__What you will do__
Your task is to give the listing below back word for word, pictures excluded.

__Source data__
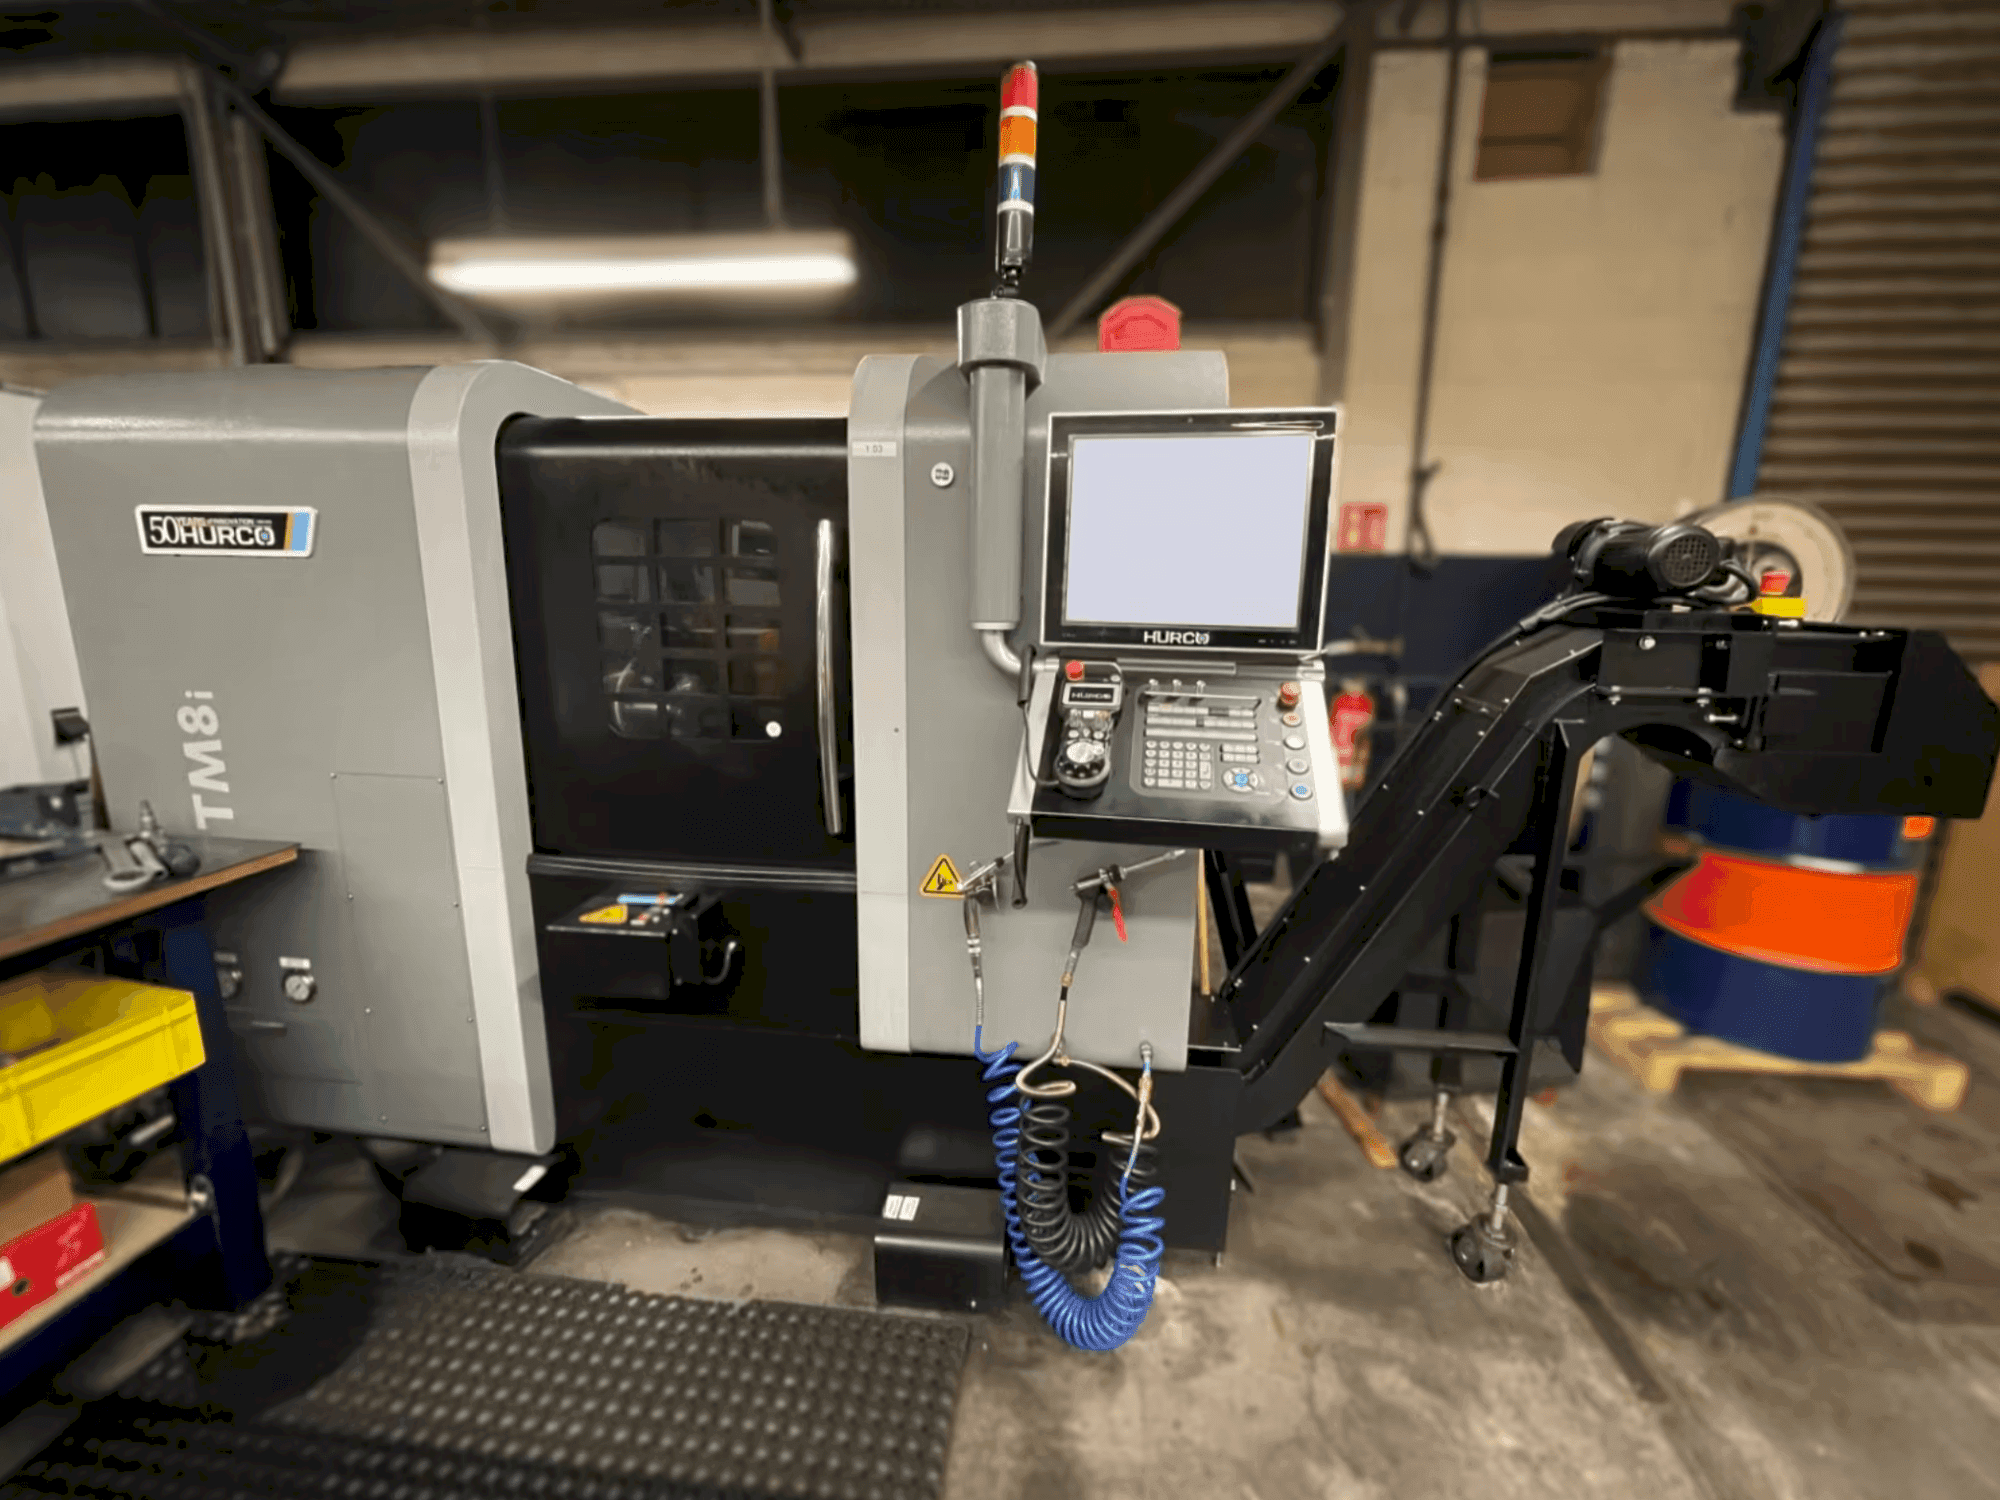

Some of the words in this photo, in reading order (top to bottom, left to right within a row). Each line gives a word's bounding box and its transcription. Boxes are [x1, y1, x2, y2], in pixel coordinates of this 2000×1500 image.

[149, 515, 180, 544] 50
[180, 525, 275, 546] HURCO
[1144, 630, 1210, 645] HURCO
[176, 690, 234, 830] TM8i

__Problem solution__
Some of the words in this photo, in reading order (top to bottom, left to right within a row). Each line gives a word's bounding box and its transcription. Boxes are [x1, y1, x2, y2], in pixel coordinates of this 2000×1500 image.

[149, 515, 180, 544] 50
[180, 525, 275, 546] HURCO
[1144, 630, 1210, 645] HURCO
[176, 690, 234, 830] TM8i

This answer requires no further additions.